Really! Both the OP and Sarah Jeong must have High School trauma from some chess club nerds. Nerd subculture is “completely alien”? “Silicon Valley’s hypocrisy and narcissism.” are you for real?

Oracle wants 9,000,000,000 dollars because Google used tech that Sun begged people to use. And used it in a way Sun execs say was perfectly reasonable. Oracle wants to rewrite copyright law. Fair use is something that Sarah Jeong thinks is NERDS being jerks!

"Schwartz seemed less upset about being called one of the worst CEOs in America, and more put off by the sheer indignity of being cross-examined by a man who didn’t know what a blog is"
As he should be!

If Perez Hilton was on trial and a lawyer didn’t know who the Kardashians are, then yes you should be indignant to someone who spent no time preparing for this case.


#40

From the article:

“Movement to a few minutes of terse explanations, including what the acronym GNU stands for: GNU is Not Unix.
“The G part stands for GNU?” Alsup asked in disbelief.
“Yes,” said Schwartz on the stand.
“That doesn’t make any sense,” said the 71-year-old Clinton appointee.”

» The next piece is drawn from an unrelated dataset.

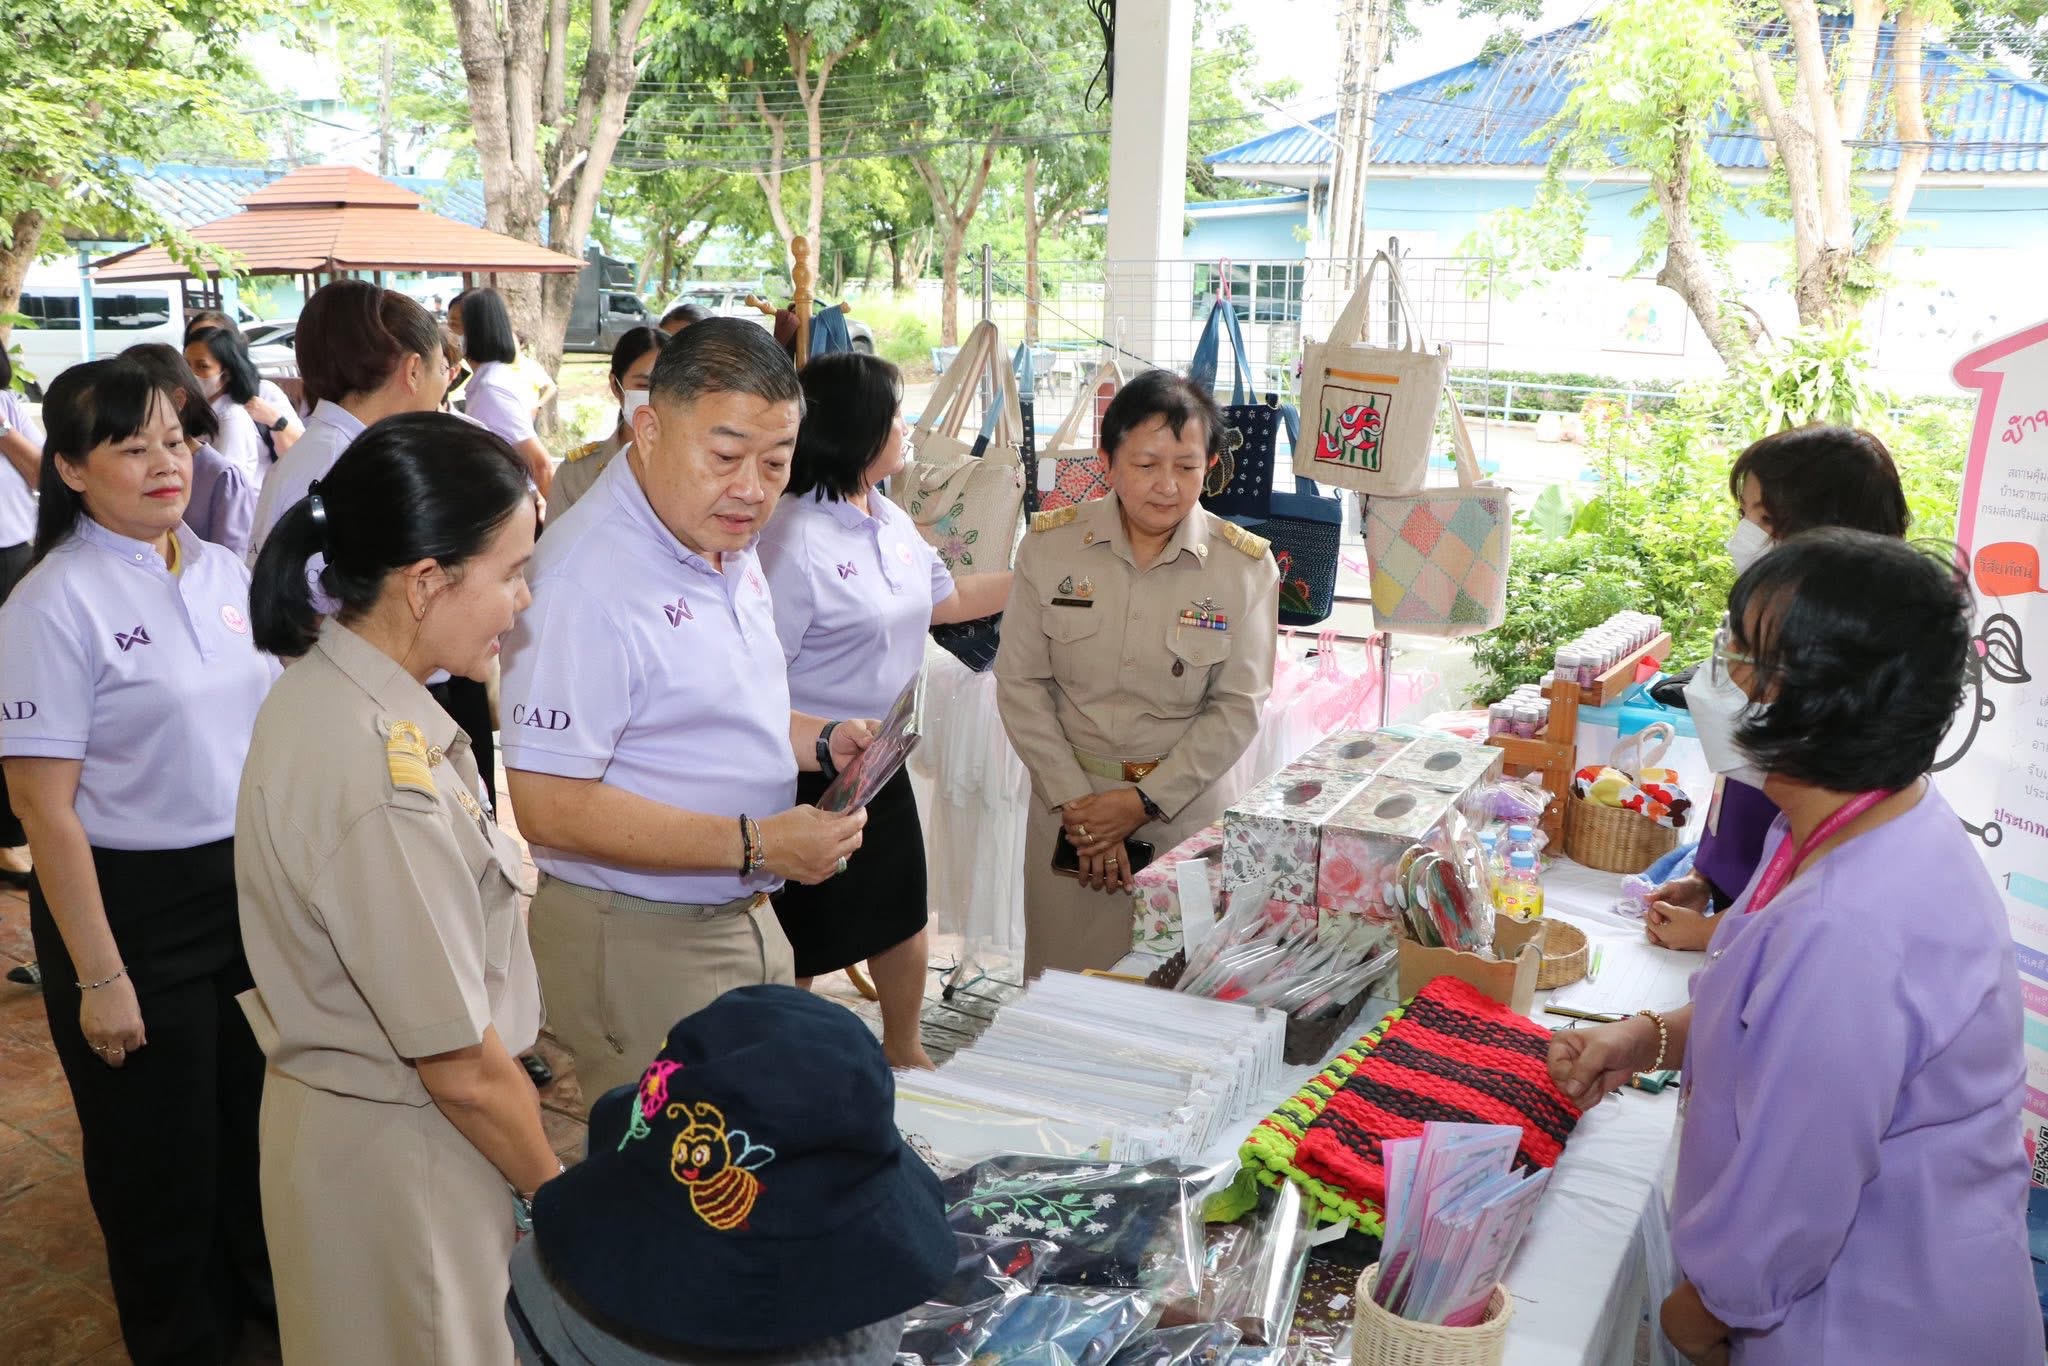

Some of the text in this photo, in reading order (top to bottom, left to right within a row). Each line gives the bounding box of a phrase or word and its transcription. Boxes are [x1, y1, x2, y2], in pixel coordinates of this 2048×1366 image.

[2008, 468, 2048, 484] สถานคุ้ม
[2000, 484, 2048, 502] บ้านราชาว
[513, 703, 571, 731] CAD
[2002, 872, 2011, 890] 1

Of course it makes sense. GNU is just an arbitrary label being used to distinguish one system from another by counting. It’s a recursive acronym / algorithm. It’s an intellectual joke playing on nested sets and Russell’s set theory paradox. Can GNU include itself or not?

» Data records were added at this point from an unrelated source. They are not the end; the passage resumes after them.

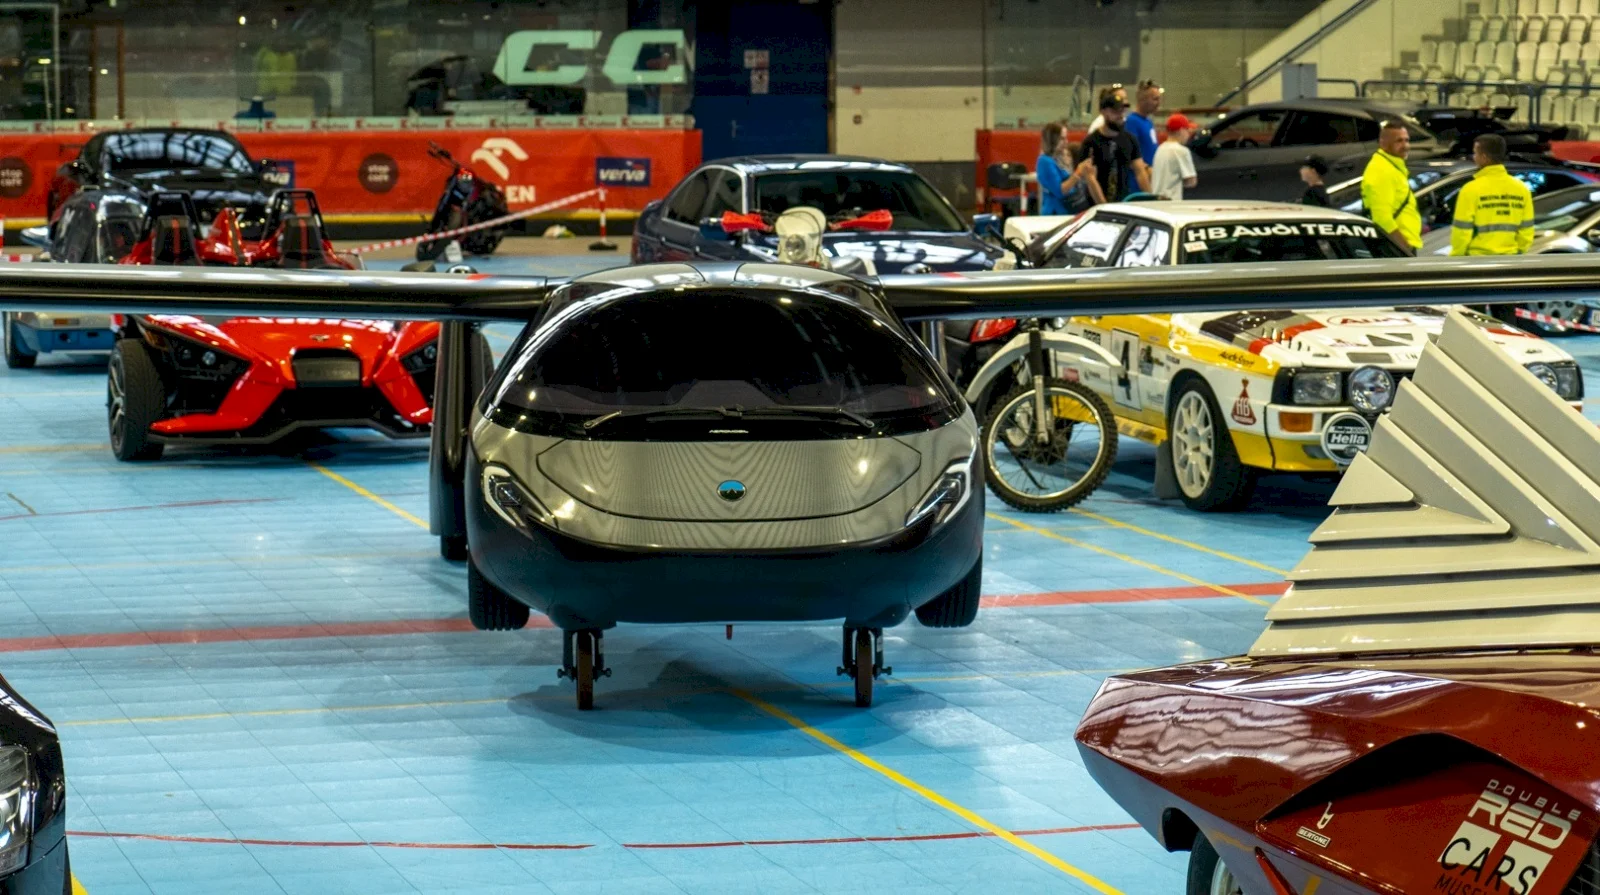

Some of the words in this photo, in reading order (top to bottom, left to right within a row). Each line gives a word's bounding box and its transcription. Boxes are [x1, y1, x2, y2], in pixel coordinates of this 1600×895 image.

[600, 168, 646, 182] verva
[1187, 227, 1228, 241] HB
[1301, 223, 1379, 238] TEAM
[1236, 397, 1250, 416] HB
[1331, 433, 1366, 444] Hella
[1486, 779, 1582, 821] DOUBLE
[1467, 789, 1572, 850] RED
[1299, 828, 1328, 845] BERTONE
[1441, 837, 1538, 895] CARS
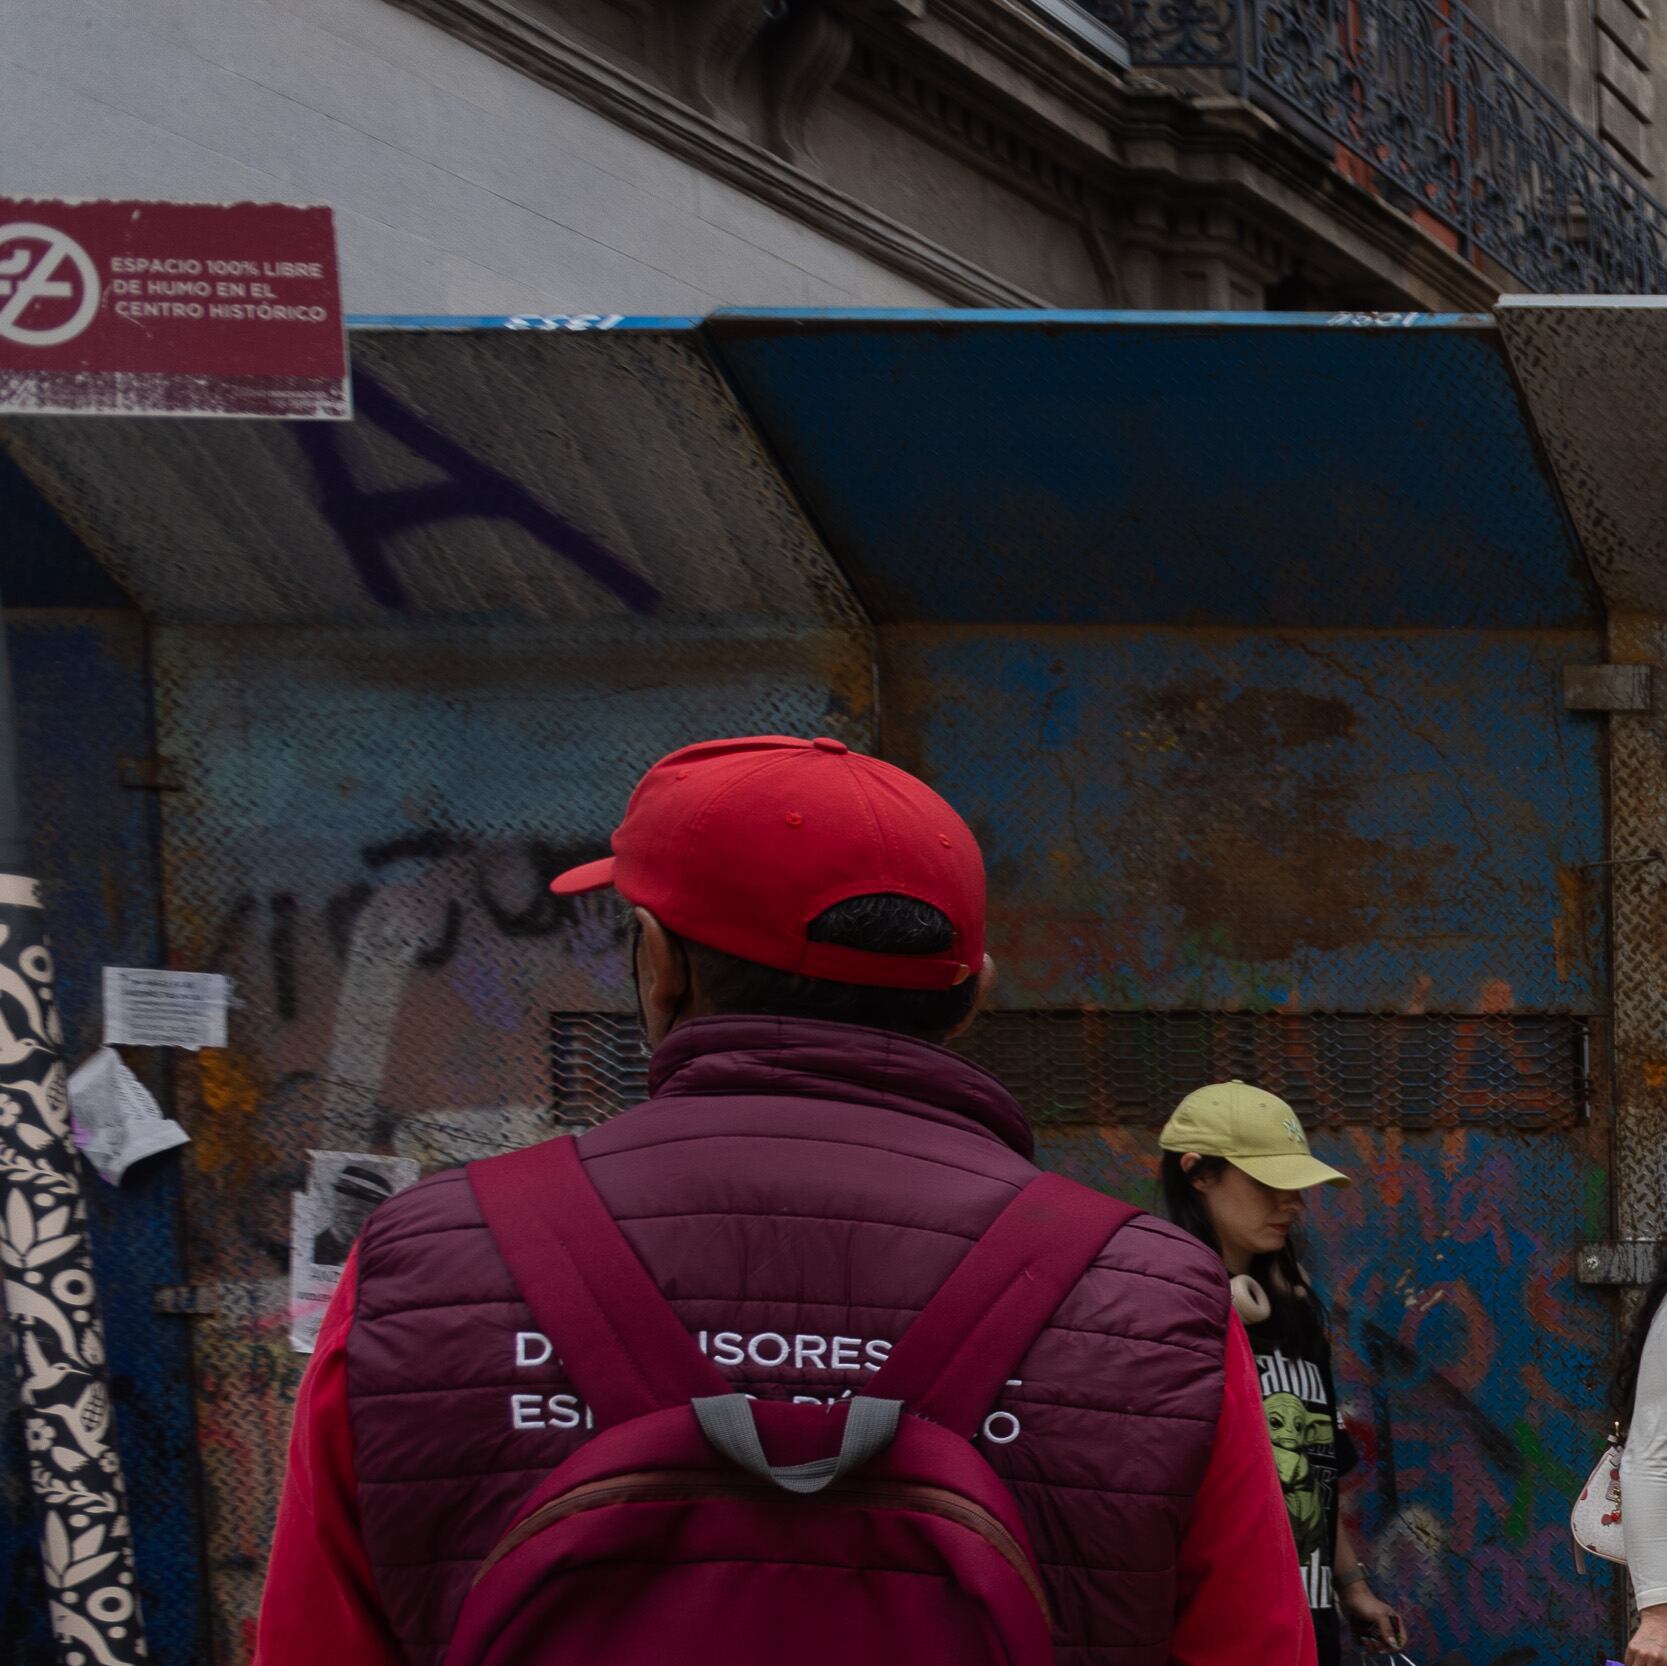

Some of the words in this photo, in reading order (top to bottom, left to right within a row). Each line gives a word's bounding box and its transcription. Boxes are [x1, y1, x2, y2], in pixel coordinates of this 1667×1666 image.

[111, 257, 201, 274] ESPACIO
[206, 260, 260, 276] 100%
[264, 262, 324, 279] LIBRE
[113, 280, 142, 295] DE
[147, 281, 210, 297] HUMO
[216, 282, 246, 298] EN
[250, 283, 277, 299] EL
[115, 301, 204, 319] CENTRO
[209, 301, 327, 323] HISTÓRICO

It’s basically like saying
PARSE_GNU = "GNU is Not Unix"
GNU = 0 ; NU = 1
PAST_GNU=GNU
GNU = GNU+NU
if PAST_GNU less than GNU print PARSE_GNU
else PAST_GNU

Another way of saying it would be “GNU is Not Unix Ever Forever No Exceptions [GNUEFNE],” except that’s not a very elegant formula, when you can explain the same thing iteratively.

But when you have to explain a joke, it’s not funny anymore, right? It’s like peeling away the layers of an onion and expecting to find an onion under the last peel. Unless cluelessness about geek humor is also part of the inside joke. I would have asked the judge if he understood the old Abbott and Costello baseball sketch, since that seems to be more his speed. Sheesh.


#41

I wonder how Cory would have spun this story. Probably with a link to EFF’s deep links blog.